Tennant was an earnest advocate of technical education, giving his own money liberally to help, and persuading the Turners' Company, of which he was master in 1874, to offer prizes for excellence in their craft. When the Koh-i-Noor diamond was recut, Tennant superintended the work In 1840, he becoming mineralogist to Queen Victoria in 1840, taking over from Sarah Mawe Tennant also had oversight of Miss Burdett-Coutts's collection of minerals.

Tennant was elected a fellow of the Geological Society in 1838, and president of the Geologists' Association (1862–3).

Tennant died in London on 23 February 1881. He never married.

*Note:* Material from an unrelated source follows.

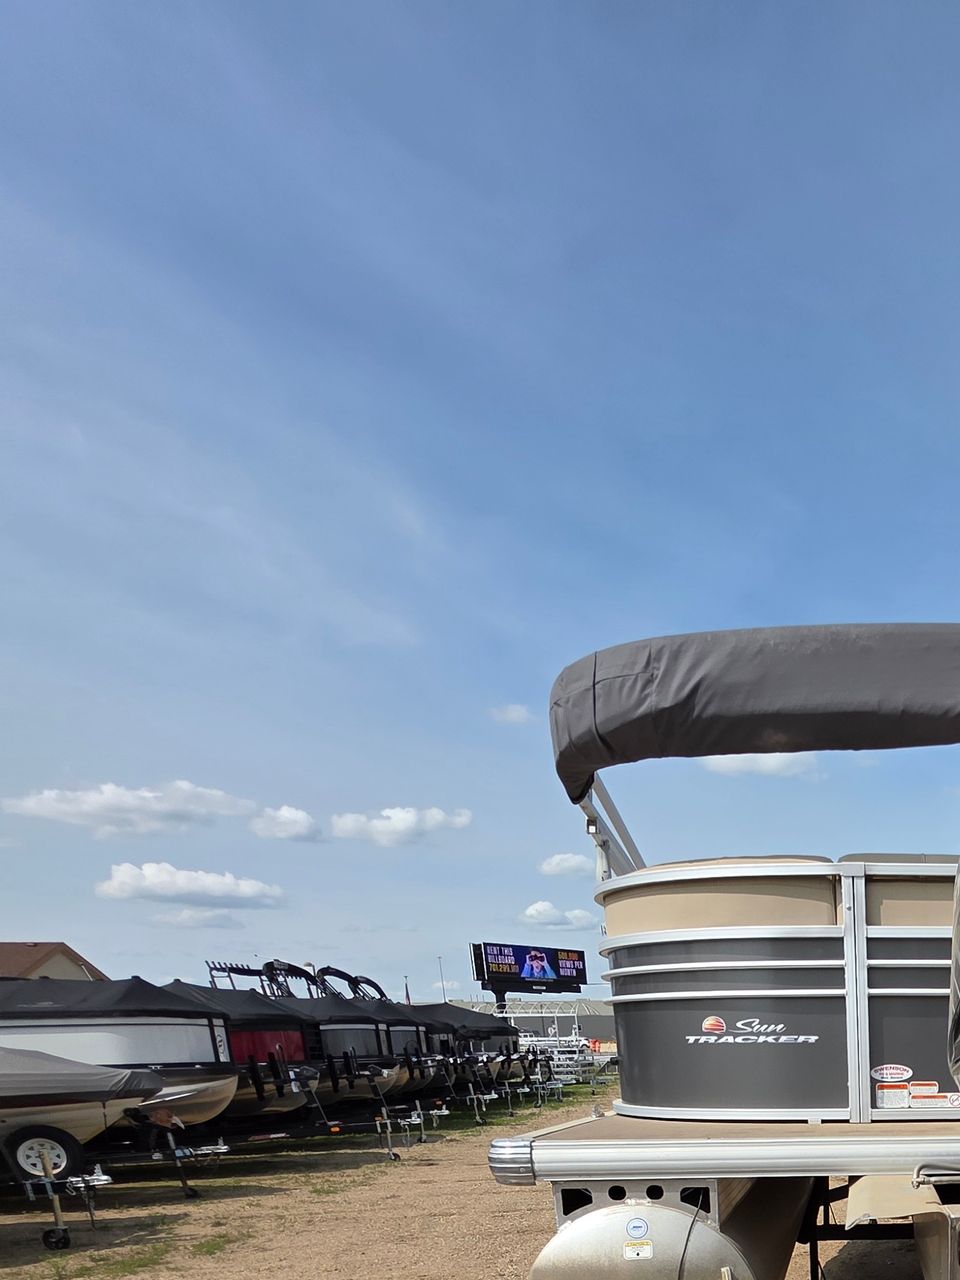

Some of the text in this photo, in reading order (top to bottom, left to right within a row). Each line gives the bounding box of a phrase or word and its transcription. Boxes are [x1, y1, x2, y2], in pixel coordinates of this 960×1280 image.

A portrait of Tennant, painted by Rogers, was in the collection of Lady Burdett-Coutts. A copy was placed in the Strand vestry in commemoration of his services to the church schools and parish.

==Works==
Tennant wrote the following books or pamphlets:
- List of British Fossils, 1847.
- Gems and Precious Stones, 1852.
- Catalogue of British Fossils in the Author's Collection, 1858.
- Description of the Imperial State Crown, 1858.
- Descriptive Catalogue of Gems, &c., bequeathed to the South Kensington Museum by the Rev. Chauncy Hare Townshend, (1870).
- Descriptive Catalogue of Diamonds in Europe, 1870.

He also, in conjunction with David Thomas Ansted and Walter Mitchell, contributed Geology, Mineralogy, and Crystallography to Orr's Circle of Sciences in 1855. He also produced two or three scientific papers, one on the Koh-i-Noor.